A BuzzFeed News journalist visited the Berlin office address listed on the FinWaves website but found no company with that name on the building’s intercom. Like some of the companies BuzzFeed News looked at for this story, was set up using Wix, has a LinkedIn profile for the company as well as profiles for six employees, and an entry in the Crunchbase company database. Aside from that online presence, searches did not turn up anything else related to the existence of the company.

The owner of the domain as of June 2015 is a Romanian individual, who did not reply to requests for comment from BuzzFeed News. However, the ownership information for was made private as of March of this year or earlier, suggesting he may no longer own it.
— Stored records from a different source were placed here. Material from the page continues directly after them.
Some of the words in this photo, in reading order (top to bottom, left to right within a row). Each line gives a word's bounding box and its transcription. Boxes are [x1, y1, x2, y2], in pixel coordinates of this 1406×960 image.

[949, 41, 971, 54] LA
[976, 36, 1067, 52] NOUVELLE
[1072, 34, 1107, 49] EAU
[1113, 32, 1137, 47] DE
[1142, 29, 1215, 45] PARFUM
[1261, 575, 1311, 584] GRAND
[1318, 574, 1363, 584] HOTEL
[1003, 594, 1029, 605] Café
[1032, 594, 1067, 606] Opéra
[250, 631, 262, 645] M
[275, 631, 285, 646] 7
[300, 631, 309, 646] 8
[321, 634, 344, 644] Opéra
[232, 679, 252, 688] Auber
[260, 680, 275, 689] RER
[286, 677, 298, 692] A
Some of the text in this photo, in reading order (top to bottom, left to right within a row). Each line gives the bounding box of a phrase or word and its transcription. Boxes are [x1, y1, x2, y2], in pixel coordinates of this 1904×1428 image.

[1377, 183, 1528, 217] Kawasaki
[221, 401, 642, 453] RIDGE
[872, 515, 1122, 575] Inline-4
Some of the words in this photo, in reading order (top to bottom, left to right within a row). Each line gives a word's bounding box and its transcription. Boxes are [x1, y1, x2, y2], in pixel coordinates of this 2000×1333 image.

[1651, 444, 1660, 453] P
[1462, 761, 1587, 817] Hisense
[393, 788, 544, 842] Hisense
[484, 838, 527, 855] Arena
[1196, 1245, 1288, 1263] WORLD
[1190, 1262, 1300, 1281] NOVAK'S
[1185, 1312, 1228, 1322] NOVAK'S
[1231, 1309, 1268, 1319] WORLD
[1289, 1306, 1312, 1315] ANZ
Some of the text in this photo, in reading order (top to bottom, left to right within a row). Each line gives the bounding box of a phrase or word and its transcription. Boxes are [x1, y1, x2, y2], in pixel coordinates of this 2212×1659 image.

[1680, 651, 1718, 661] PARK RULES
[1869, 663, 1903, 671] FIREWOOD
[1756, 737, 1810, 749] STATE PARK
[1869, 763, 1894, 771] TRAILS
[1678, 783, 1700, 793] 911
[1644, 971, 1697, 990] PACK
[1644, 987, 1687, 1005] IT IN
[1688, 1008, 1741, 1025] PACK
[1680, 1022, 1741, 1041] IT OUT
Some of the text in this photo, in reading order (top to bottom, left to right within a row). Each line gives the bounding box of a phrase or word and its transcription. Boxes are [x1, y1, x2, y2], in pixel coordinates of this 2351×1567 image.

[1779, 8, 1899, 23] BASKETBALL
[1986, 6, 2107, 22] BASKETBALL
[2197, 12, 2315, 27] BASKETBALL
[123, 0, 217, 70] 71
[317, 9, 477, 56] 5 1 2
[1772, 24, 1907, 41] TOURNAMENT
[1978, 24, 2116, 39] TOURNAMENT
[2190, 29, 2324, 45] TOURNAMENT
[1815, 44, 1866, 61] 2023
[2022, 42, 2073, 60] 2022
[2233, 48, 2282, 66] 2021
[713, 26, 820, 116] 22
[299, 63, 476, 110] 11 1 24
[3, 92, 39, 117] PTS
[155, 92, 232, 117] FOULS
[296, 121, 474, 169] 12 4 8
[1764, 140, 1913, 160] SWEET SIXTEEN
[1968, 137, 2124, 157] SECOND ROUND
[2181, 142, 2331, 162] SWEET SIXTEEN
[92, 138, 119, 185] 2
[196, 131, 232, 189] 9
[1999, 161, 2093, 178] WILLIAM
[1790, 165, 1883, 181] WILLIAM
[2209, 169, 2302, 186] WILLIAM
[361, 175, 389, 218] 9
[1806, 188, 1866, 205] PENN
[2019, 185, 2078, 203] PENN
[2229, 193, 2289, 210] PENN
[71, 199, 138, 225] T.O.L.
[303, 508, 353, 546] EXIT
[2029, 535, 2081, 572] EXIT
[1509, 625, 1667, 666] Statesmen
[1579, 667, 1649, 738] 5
Weiss said in an email to BuzzFeed News that FinWaves was a legitimate listed company. No company with the name FinWaves is listed in the “Handelsregister,” the German companies register. Repeated calls to the number on the company’s website went to voicemail.

She went on to say, “In recent months, our firm has witnessed several attempts by unknown elements to discredit our name and reputation, including ridiculous accusations regarding our conduct which we have managed to prove are false.

“We believe this could be the action of a disgruntled former employee, who has taken great effort and resources to stain our firm and has approached several journalists in this matter.”

She added that all the LinkedIn profiles listing the company as an employer, except for hers, were not related to the firm and “probably imposters.”

On her LinkedIn profile she claims to have completed an MBA at the London Business School in 2003–2004. The school told BuzzFeed News that no student called Maya Weiss took the MBA course that year, and added that its MBA course lasts two years, not one.

Weiss offered to meet in London on Monday, the day after the Hungarian election.

BuzzFeed News replied with the suggestion of a meeting this Thursday in Berlin at the office address listed on the FinWaves website.

Weiss said she was unable to meet in Berlin because she was traveling, and that FinWaves was a dynamic company, and partners and consultants were constantly on the road meeting with clients.

She added: “The address on our website, it is solely an administrative formal address for letters, calls and such. Therefore, you will not be able to find our company in the company registrar as it is registered under a different name." She added that she could show BuzzFeed News "all relevant documentation."

In response, BuzzFeed News asked her to provide the name of the registered company, and its registered office.

Weiss didn’t respond.

Another active website that matches the profile of other websites used in the operation is a shop window for a company called Blue Goldminers. It says it focuses on “Eurasian natural resources and energy investments.”

Blue Goldminers did not respond to emails requesting comment, and multiple phone calls to the company went to voicemail.

LinkedIn profiles created as a cover for individuals to pose as employees of active firms are still live on the social network. But these profiles appear to be fake: A number of the companies listed on the individuals’ profiles as former employers told BuzzFeed News on condition of anonymity that nobody by those names had ever been employed by them.

One profile set up under the name Oliver Radke, who claims to be FinWaves’ Frankfurt-based managing director, uses as its profile picture a photo of a sales and marketing consultant in Croatia. The consultant told BuzzFeed News he didn’t know Radke, and that the photo had been taken from his Instagram page.

When asked whether the leaks had overshadowed Orbán’s reelection campaign or damaged trust in the electoral process, the prime minister’s spokesperson said, “We consider them as a result and as part of the intensifying state of public mood, and as such they do not in any way affect the legitimacy of the election process.”

Daniel Drepper in Berlin contributed additional reporting to this story.


By 3:45 p.m. BST Friday, Weiss' LinkedIn profile was no longer available, and the FinWaves website could not be loaded.